In October 1993, he signed the Letter of Forty-Two.

Nagibin was married six times, yet he left no children. Among his wives was Valentina Likhachyova — daughter of Ivan Likhachev — and acclaimed Soviet poet Bella Akhmadulina. His last wife, Alla Nagibina, remembered: «We met at the party. He was married, and so was I... Moscow didn't welcome me. Nobody could be beside him after Bella. Bella was incredibly talented and beautiful, the star of her time. Nagibin also wasn't an ordinary boy. He was rich as Croesus and beautiful as Alain Delon». Nevertheless, they lived together for 25 years, up till Nagibin's death.

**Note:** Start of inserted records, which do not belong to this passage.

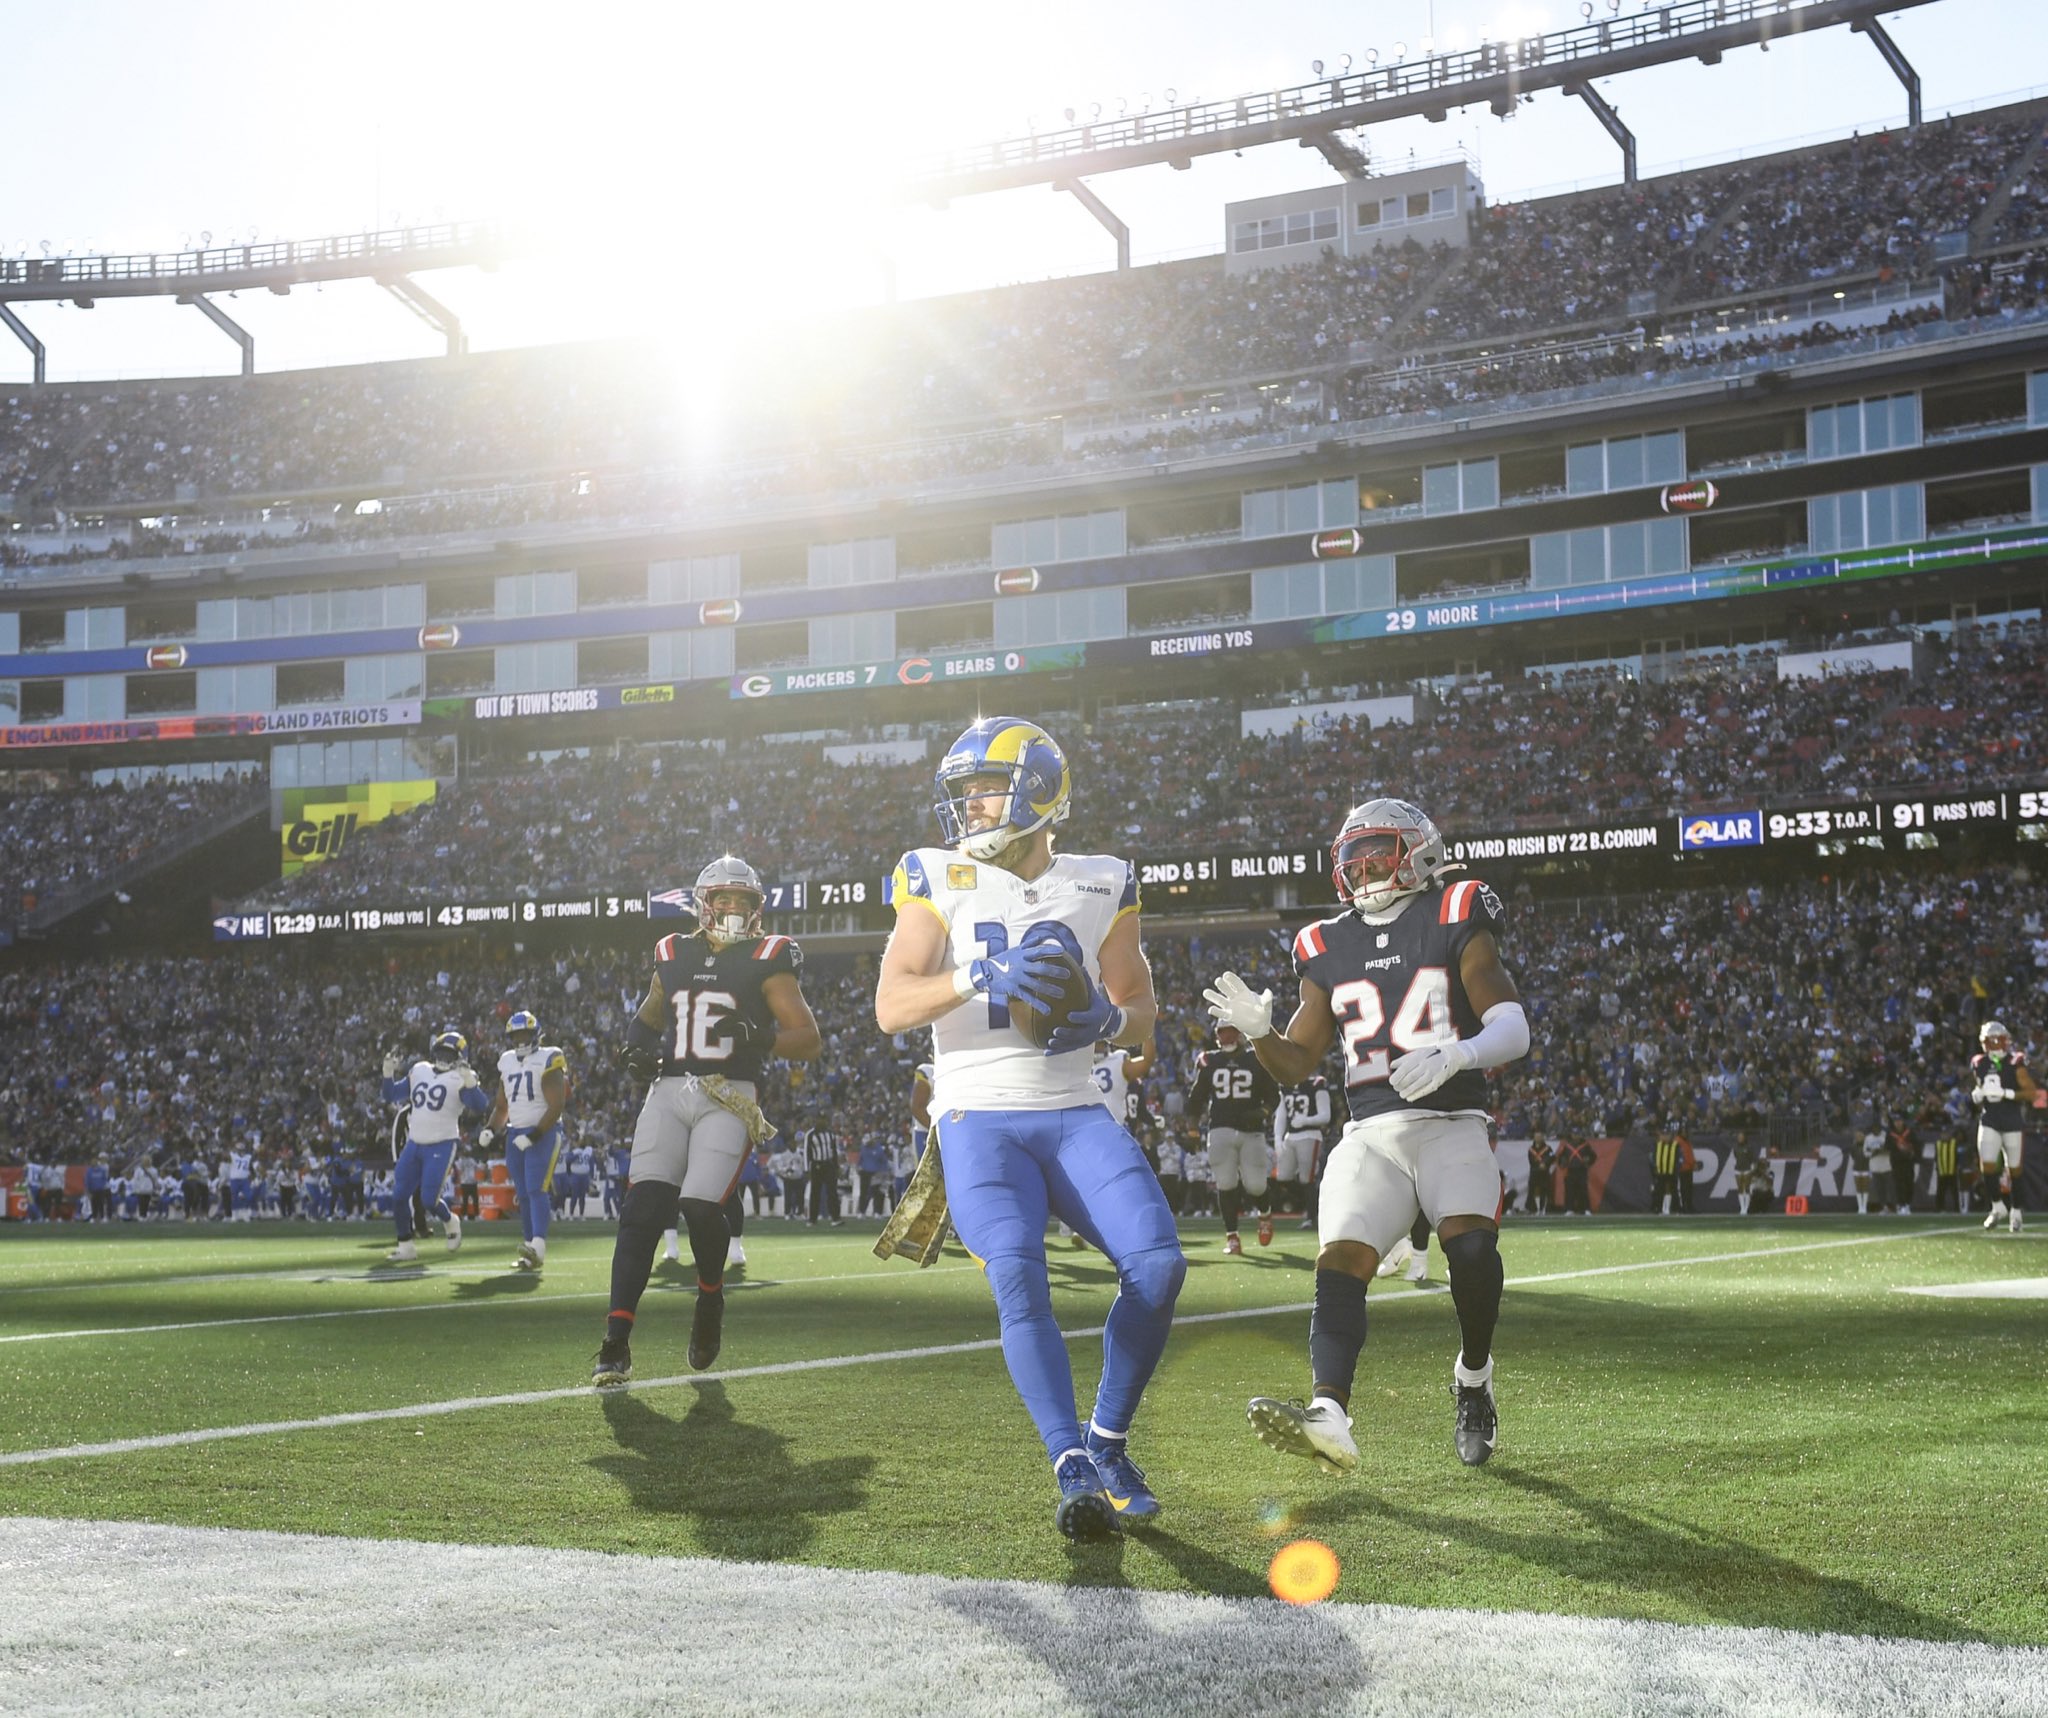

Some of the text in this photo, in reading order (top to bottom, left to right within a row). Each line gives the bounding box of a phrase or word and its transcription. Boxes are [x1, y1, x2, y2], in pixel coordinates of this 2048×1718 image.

[1385, 604, 1479, 632] 29 MOORE
[1150, 630, 1253, 656] RECEIVING YDS
[945, 657, 996, 676] BEARS
[1004, 652, 1020, 671] 0
[741, 666, 877, 698] G PACKERS 7
[475, 689, 599, 719] OUT OF TOWN SCORES
[313, 708, 388, 727] PATRIOTS
[7, 723, 128, 744] ENGLAND PATRI
[1769, 811, 1871, 838] 9:33 T.O.P.
[1893, 800, 1997, 829] 91 PASS YDS
[288, 813, 374, 857] Gill
[1711, 819, 1753, 842] LAR
[1454, 842, 1465, 860] 0
[1466, 839, 1505, 860] YARD
[1507, 836, 1546, 857] RUSH
[1547, 834, 1567, 854] BY
[1569, 832, 1588, 852] 22
[1589, 827, 1658, 850] B.CORUM
[1141, 861, 1210, 884] 2ND & 5
[1231, 855, 1307, 878] BALL ON 5
[771, 887, 784, 907] 7
[820, 882, 866, 904] 7:18
[1077, 885, 1111, 896] RAMS
[437, 906, 510, 926] 43 RUSH YDS
[523, 901, 591, 922] 8 1ST DOWNS
[606, 897, 645, 917] 3 PEN.
[242, 916, 264, 936] NE
[273, 913, 342, 935] 12:29 T.O.P.
[352, 910, 424, 930] 118 PASS YDS
[1364, 954, 1401, 971] PATRIOTS
[671, 990, 737, 1060] 16
[1330, 966, 1460, 1088] 24
[508, 1070, 535, 1103] 71
[1091, 1067, 1113, 1094] 3
[1212, 1068, 1253, 1099] 92
[412, 1081, 447, 1112] 69

He died in Moscow on 17 June 1994 and was buried at Novodevichy Cemetery.

==Screenplays==

- Hard Happiness (1958)
- The Slowest Train (1963)
- The Chairman (1964)
- The Girl and the Echo (1964)
- Woman's World (1967)
- Director (1969)
- Tchaikovsky (1969)
- The Red Tent (1969)
- Under en steinhimmel (1974) (co-written with Sigbjørn Hølmebakk)
- Dersu Uzala (1975) (co-written with Akira Kurosawa)
- Jarosław Dąbrowski (1976)
- The Beginning of the Legend (1976)
- Late Meeting (1978)
- Bambi's Childhood (1985)
- Bambi's Youth (1986)
- Gardes-Marines, Ahead! (1988)
- Viva Gardes-Marines! (1991)
- Gardes-Marines III (1992)

==English translations==
- Newlywed, from Such a Simple Thing and Other Stories, FLPH, Moscow, 1959. from Archive.org
- Island of Love, Progress Publishers, 1977.
- The Peak of Success and Other Stories, Ardis, 1986.
- Arise and Walk, Faber and Faber, 1991.